17. Apart from the reasons given above, it is also clear that under Section 156(3) Cr.P.C. the Magistrate need not allow the application of the complainant in toto. For example if there are 5 offences alleged, it is legally permissible for the Magistrate to order investigation into say 3 offences only, holding that the other offences are not made out. Again if there are say 5 accused, the Magistrate can validly direct registration and investigation against 3 only saying that no offence is made out against the remaining 2 accused. Thus a limited investigation can also be ordered by the Magistrate. Therefore he can also limit the investigation by controlling the power of arrest which is a part of investigation. Lastly, keeping in view the circumstances obtaining in the present times, and the abolishing of anticipatory bail in Uttar Pradesh, the advantages of taking this view far outweigh the disadvantages, and will also reduce the burden on higher Courts. Therefore it was rightly concluded in Masuriyadin's case (supra) that the restriction could be placed by the Magistrate upon the power of arrest of police.

A FURTHER QUESTION

18. For purpose of deciding, whether to place restriction on arrest as or even for considering whether to issue a direction to register and investigate, can be Magistrate 156(3)? A learned single Judge of this Court has held that he cannot. The decision is reported in 2001 Current Bail Cases 430 "Bhageloo and Anr. v. State of U.P. and Ors.". Apart from the reasons given in that decision, the view appears to be justified also because in a regular investigation, the report under Section 173 is accompanied by the details of investigation and the statements of witnesses examined during investigation. If a final report is submitted, notice is required to be given to the complainant. Upon examining the final report the complainant in his protest petition can say that there are other witnesses who have not been examined, or that the statements of witnesses have not been correctly recorded under Section 161 Cr.P.C. and on that basis he can get the final report rejected by the Magistrate. On the other hand a pre-investigation police report, if permitted to be called, need not contain any details of investigation. It may contain a bald statement by the police officer that upon inquiry he has found the version of the complainant to be not correct. The complainant in that situation would be greatly handicapped, and the Magistrate may also find himself unable to give any cogent reason for over-ruling such report.

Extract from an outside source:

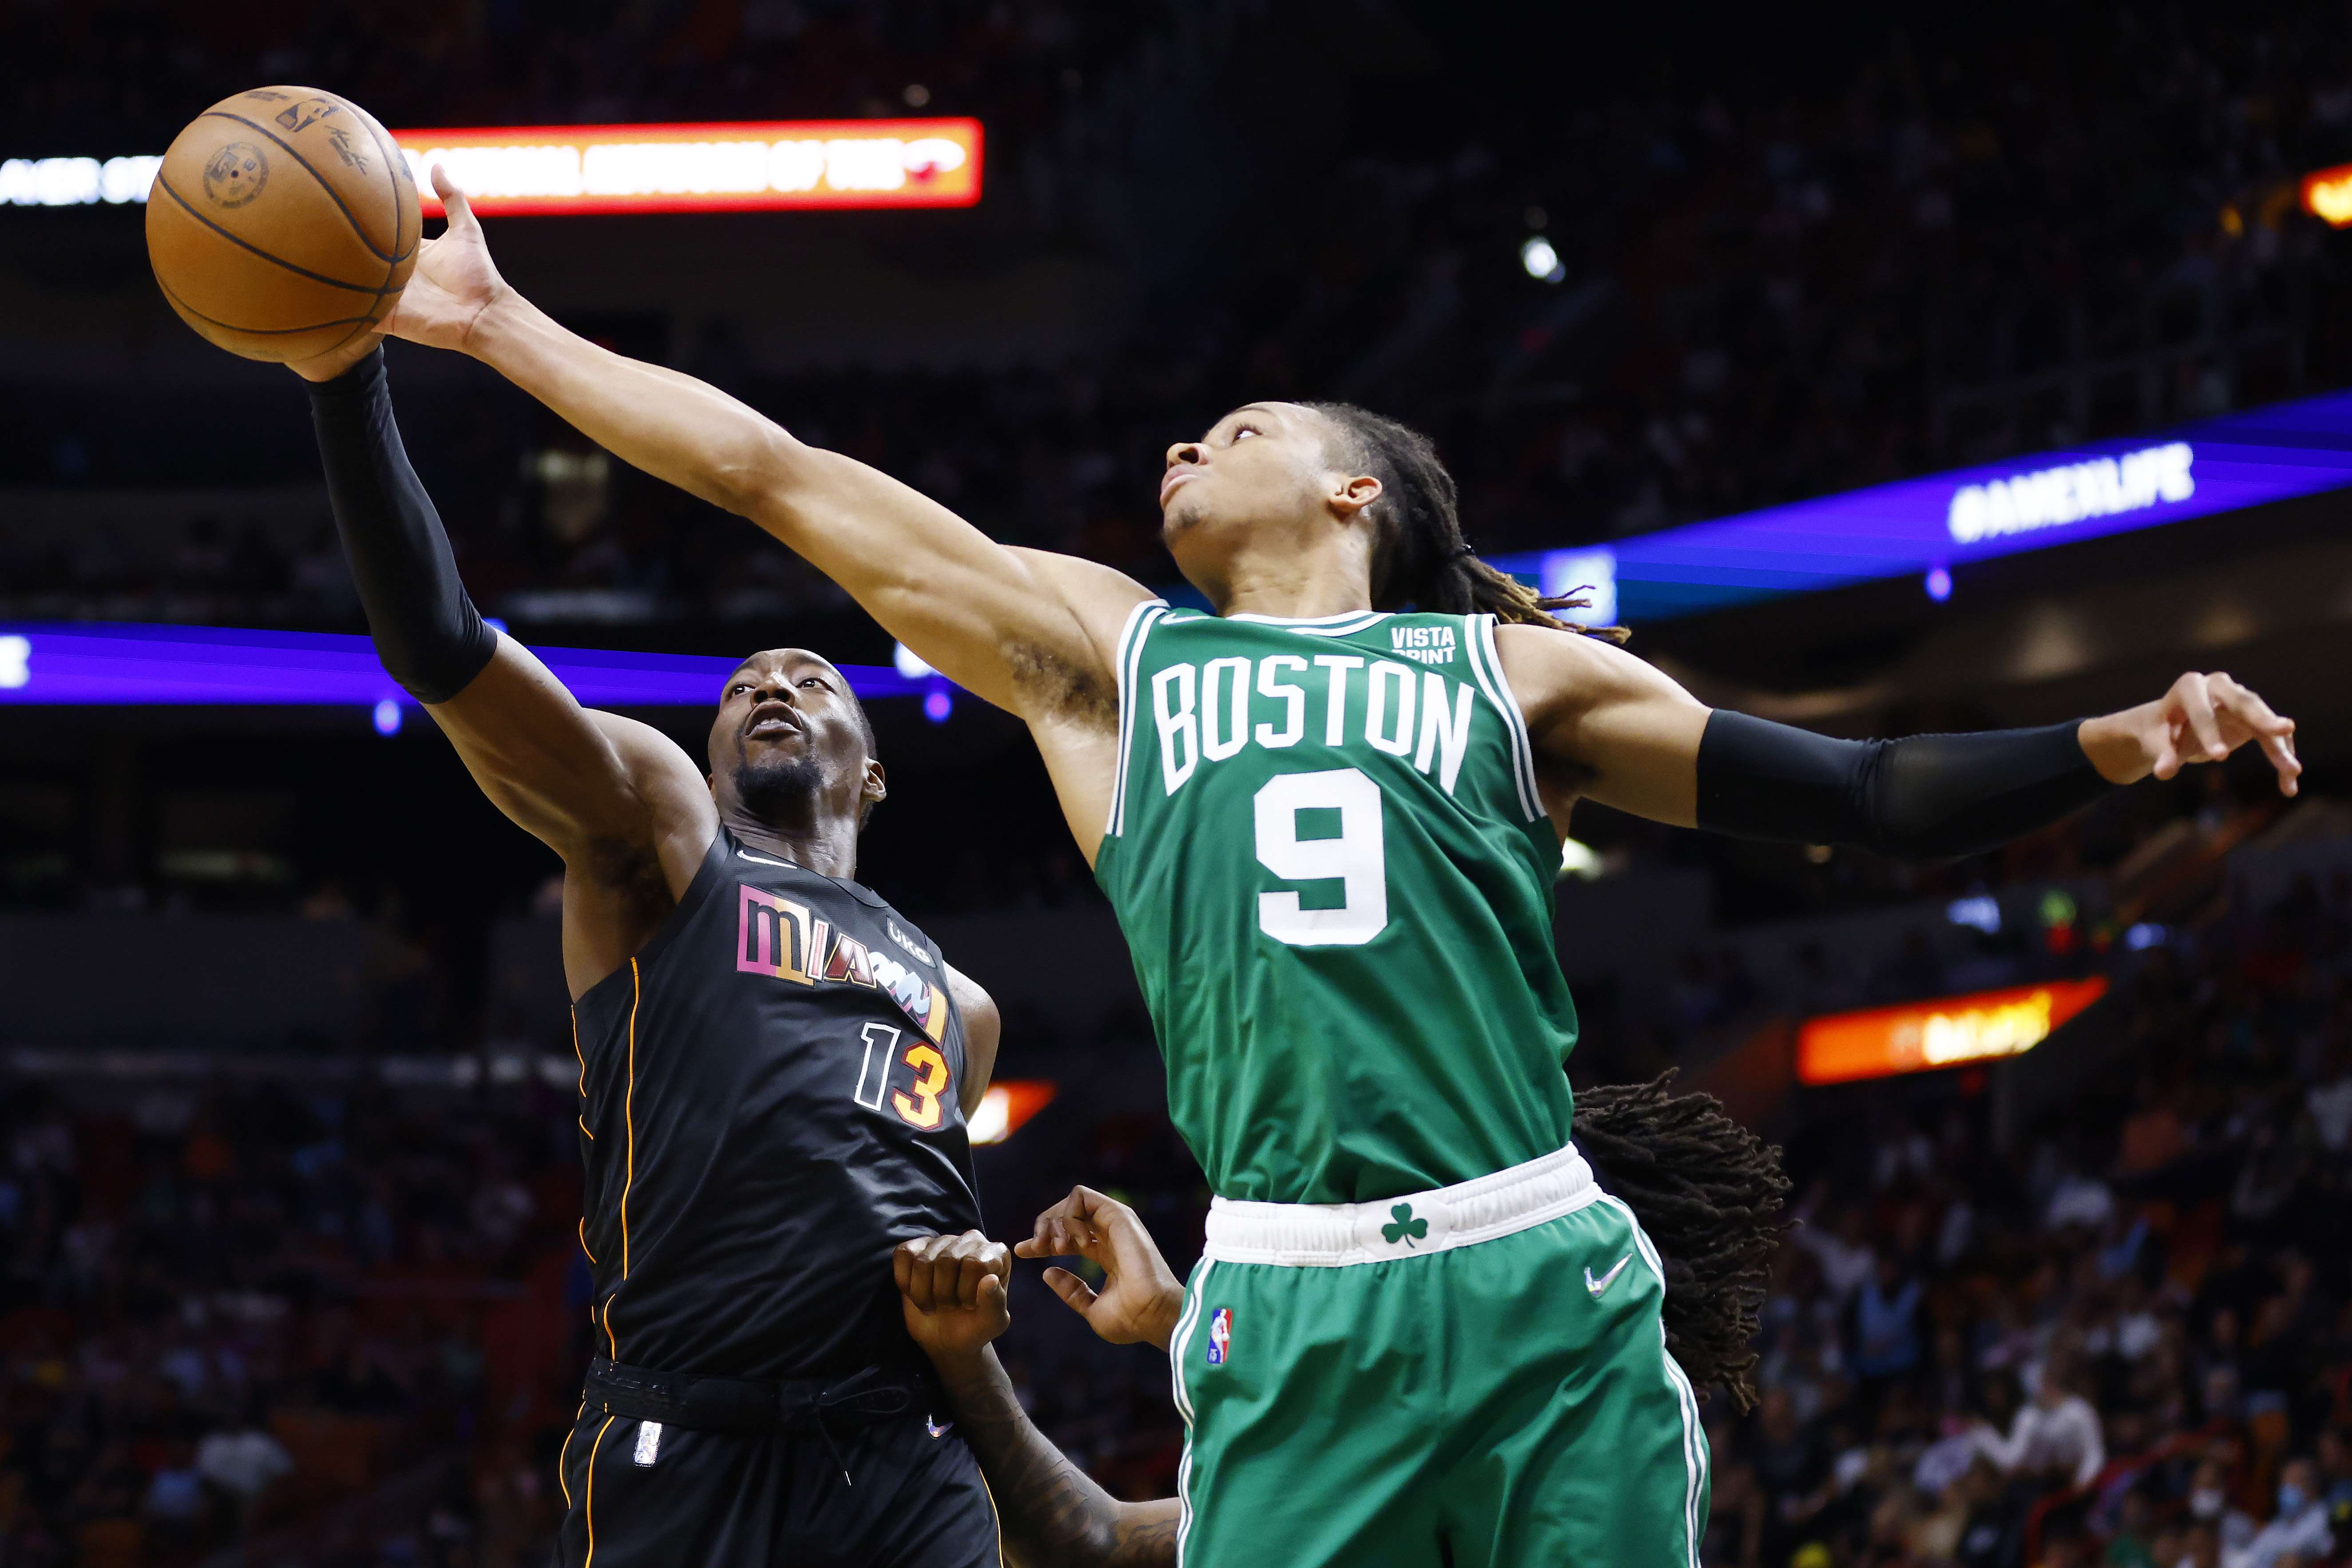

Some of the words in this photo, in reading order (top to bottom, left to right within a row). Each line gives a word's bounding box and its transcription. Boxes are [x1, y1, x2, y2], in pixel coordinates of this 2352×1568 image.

[1391, 626, 1456, 649] VISTA
[1152, 654, 1475, 796] BOSTON
[1253, 767, 1388, 946] 9
[854, 1022, 951, 1131] 13

19. However there is no logical reason why the Magistrate cannot himself make a brief inquiry (akin to Section 159 Cr.P.C.) to satisfy himself about the allegations before ordering registration and investigation of the offence. There appears to be no reason why the trained judicial mind of the Magistrate should not be put to use for curbing frivolous applications under Section 156(3) at the very threshold. However at this stage the Magistrate is not holding trial. Therefore, if he finds the story of the complainant unconvincing, the Magistrate may examine the complainant and/or one or two key witnesses or ask for their affidavits, or ask for a copy of the injury report, or make such other inquiry as the circumstances of the case may require, to lend assurance to the case of the complainant before issuing a direction under Section 156(3) Cr.P.C.

GUIDE TO DISCRETION OF MAGISTRATE

20. Reverting back to the present case, Section 155 Cr.P.C. deals with non-cognizable offences and Section 156 deals with cognizable offences. In a recent decision of the Supreme Court in "Suresh Chand Jain v. State of M.P. JT (2001)2 (SC) 81:(AIR 2001 SC 571) it has been laid down that a magistrate considering an application under Section 156(3) Cr.P.C. may without taking cognizance direct the police to register and investigate the case, or he may take cognizance and proceed under Chapter XV Cr.P.C. However this discretion of the Magistrate obviously cannot be unguided or arbitrary. No decision was cited before me to throw any light upon the considerations which should weigh with the Magistrate to guide his discretion.

21. In these circumstances, the question arises that when a Magistrate is approached by a complainant with an application praying for a direction to the police under Section 156(3) to register and investigate an alleged cognizable offence, why should he (A) grant the relief of registration of a case and its investigation by the police under Section 156(3) Cr.P.C, and when should he (B) treat the application as a complaint and follow the procedure of Chapter XV of Cr.P.C.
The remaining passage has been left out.